» EXERCISE: The reply should contain the full listing exactly as written and no pictures at all.
[EXERCISE MATERIALS Boundary: Start]
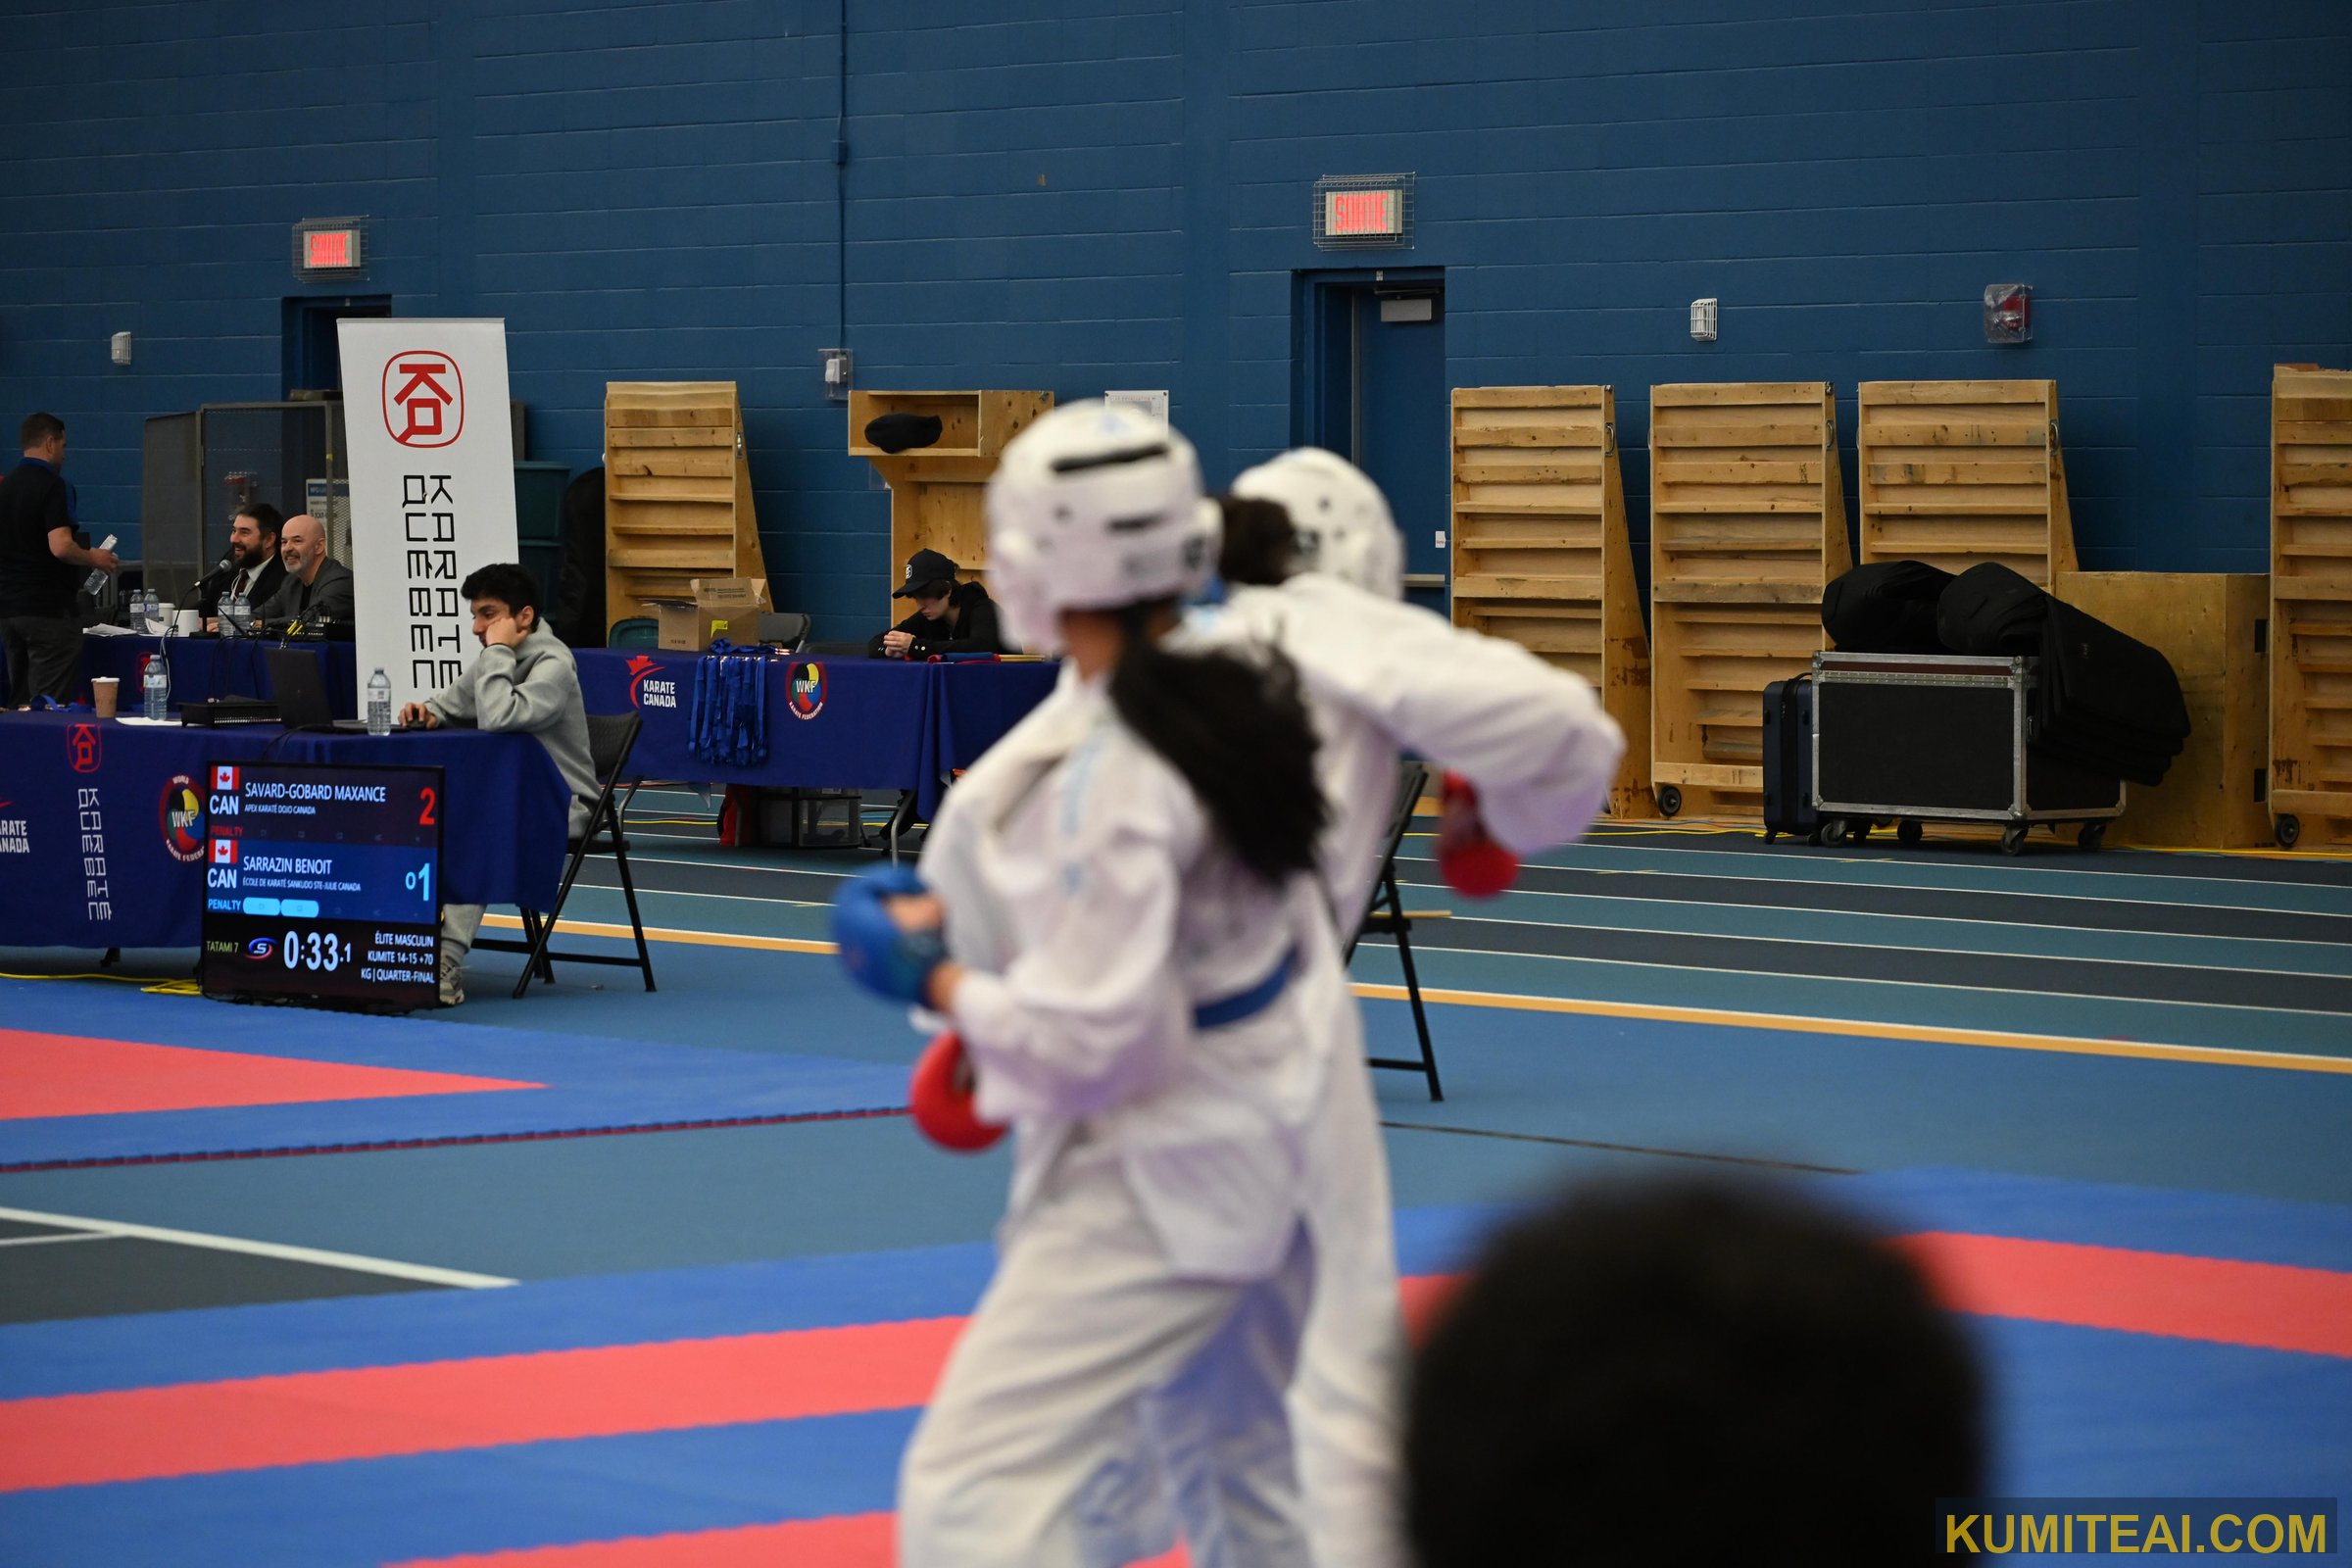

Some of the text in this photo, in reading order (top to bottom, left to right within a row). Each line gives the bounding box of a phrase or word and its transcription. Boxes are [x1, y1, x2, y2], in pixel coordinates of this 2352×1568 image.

[402, 474, 436, 689] QUÉBEC
[643, 679, 676, 695] KARATE
[796, 680, 816, 694] WKF
[643, 693, 677, 709] CANADA
[245, 783, 386, 803] SAVARD-GOBARD MAXANCE
[209, 795, 239, 815] CAN
[244, 804, 258, 812] APEX
[277, 805, 293, 814] DOJO
[293, 806, 316, 815] CANADA
[418, 787, 436, 825] 2
[172, 809, 196, 828] WKF
[0, 819, 27, 836] RATE
[182, 845, 205, 862] FEDERA
[243, 856, 333, 875] SARRAZIN BENOIT
[207, 867, 237, 888] CAN
[259, 878, 267, 887] DE
[337, 882, 362, 892] CANADA
[208, 898, 241, 910] PENALTY
[206, 940, 239, 954] TATAMI 7
[374, 930, 434, 948] ÉLITE MASCULIN
[367, 950, 434, 965] KUMITE 14-15 +70
[361, 967, 372, 980] KG
[376, 968, 436, 984] QUARTER-FINAL
[EXERCISE MATERIALS Boundary: End]
» SOLUTION BELOW:
Some of the text in this photo, in reading order (top to bottom, left to right within a row). Each line gives the bounding box of a phrase or word and its transcription. Boxes are [x1, y1, x2, y2], in pixel coordinates of this 2352×1568 image.

[402, 474, 436, 689] QUÉBEC
[643, 679, 676, 695] KARATE
[796, 680, 816, 694] WKF
[643, 693, 677, 709] CANADA
[245, 783, 386, 803] SAVARD-GOBARD MAXANCE
[209, 795, 239, 815] CAN
[244, 804, 258, 812] APEX
[277, 805, 293, 814] DOJO
[293, 806, 316, 815] CANADA
[418, 787, 436, 825] 2
[172, 809, 196, 828] WKF
[0, 819, 27, 836] RATE
[182, 845, 205, 862] FEDERA
[243, 856, 333, 875] SARRAZIN BENOIT
[207, 867, 237, 888] CAN
[259, 878, 267, 887] DE
[337, 882, 362, 892] CANADA
[208, 898, 241, 910] PENALTY
[206, 940, 239, 954] TATAMI 7
[374, 930, 434, 948] ÉLITE MASCULIN
[367, 950, 434, 965] KUMITE 14-15 +70
[361, 967, 372, 980] KG
[376, 968, 436, 984] QUARTER-FINAL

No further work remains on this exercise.